[Dataset entries]

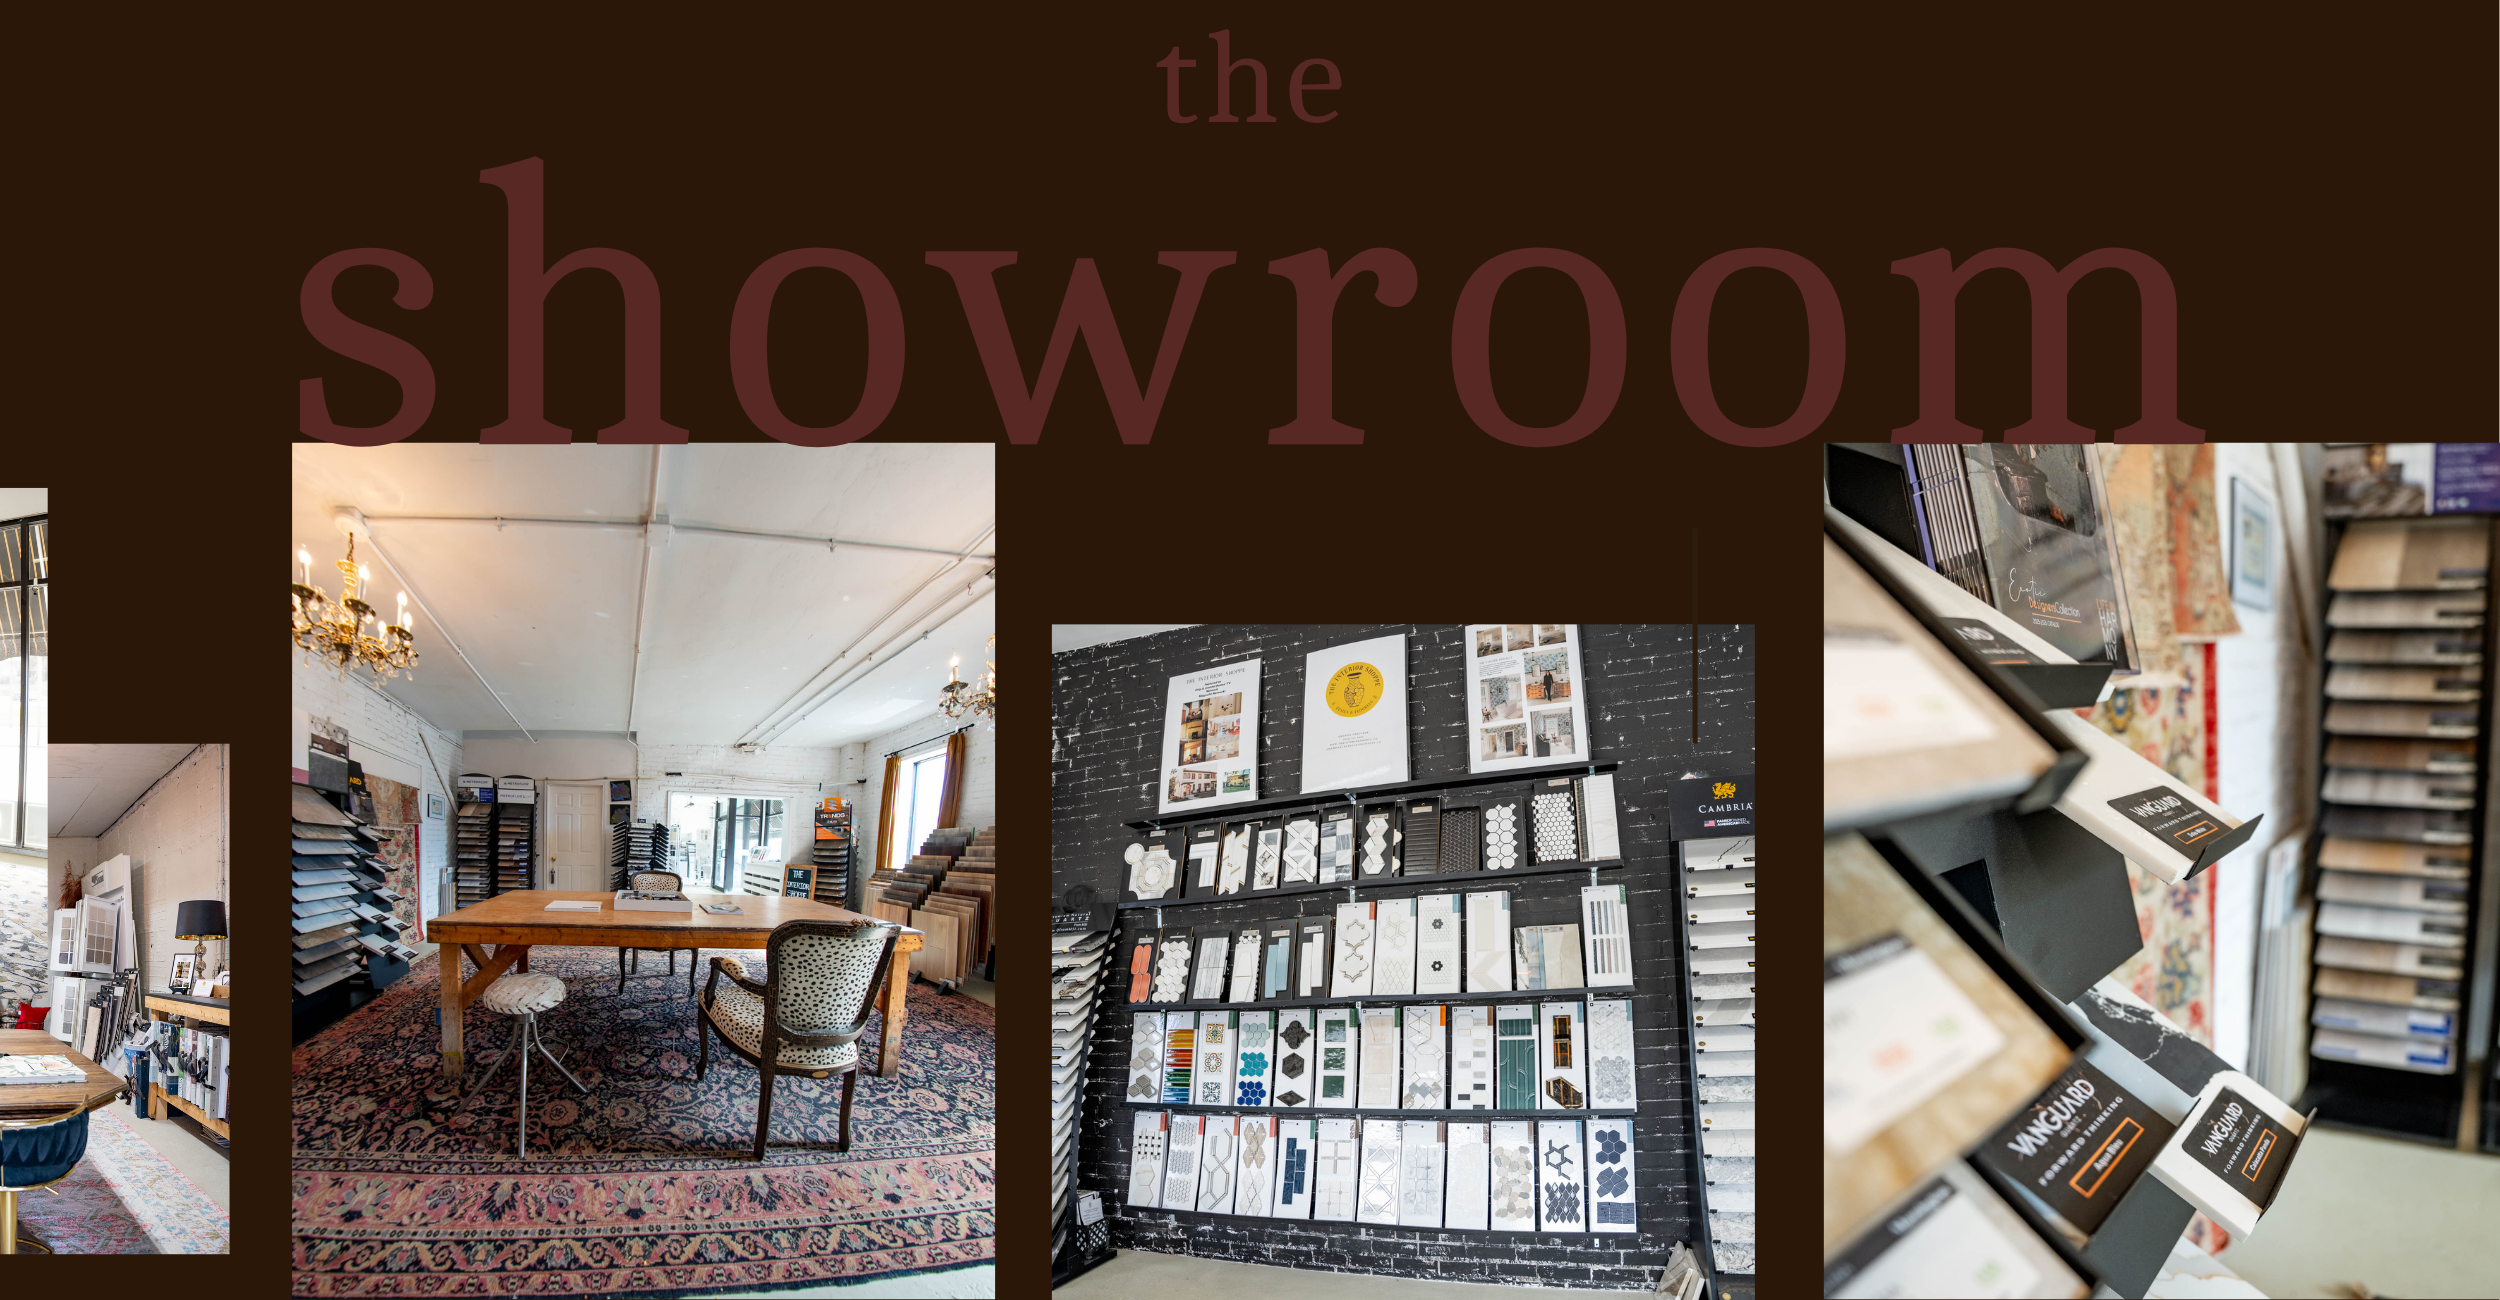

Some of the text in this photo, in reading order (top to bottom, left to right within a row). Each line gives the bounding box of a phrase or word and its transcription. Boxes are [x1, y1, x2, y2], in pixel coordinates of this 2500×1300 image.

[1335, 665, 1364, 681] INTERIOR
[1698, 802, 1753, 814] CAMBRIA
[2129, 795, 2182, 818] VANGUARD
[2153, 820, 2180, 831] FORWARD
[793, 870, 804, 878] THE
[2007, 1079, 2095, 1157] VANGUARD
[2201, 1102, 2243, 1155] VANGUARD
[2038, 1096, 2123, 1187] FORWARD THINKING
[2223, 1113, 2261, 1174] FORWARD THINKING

__EXERCISE PROMPT__: What you return should match the records line for line, minus the pictures.

__TASK OUTPUT__:
Some of the text in this photo, in reading order (top to bottom, left to right within a row). Each line gives the bounding box of a phrase or word and its transcription. Boxes are [x1, y1, x2, y2], in pixel coordinates of this 2500×1300 image.

[1335, 665, 1364, 681] INTERIOR
[1698, 802, 1753, 814] CAMBRIA
[2129, 795, 2182, 818] VANGUARD
[2153, 820, 2180, 831] FORWARD
[793, 870, 804, 878] THE
[2007, 1079, 2095, 1157] VANGUARD
[2201, 1102, 2243, 1155] VANGUARD
[2038, 1096, 2123, 1187] FORWARD THINKING
[2223, 1113, 2261, 1174] FORWARD THINKING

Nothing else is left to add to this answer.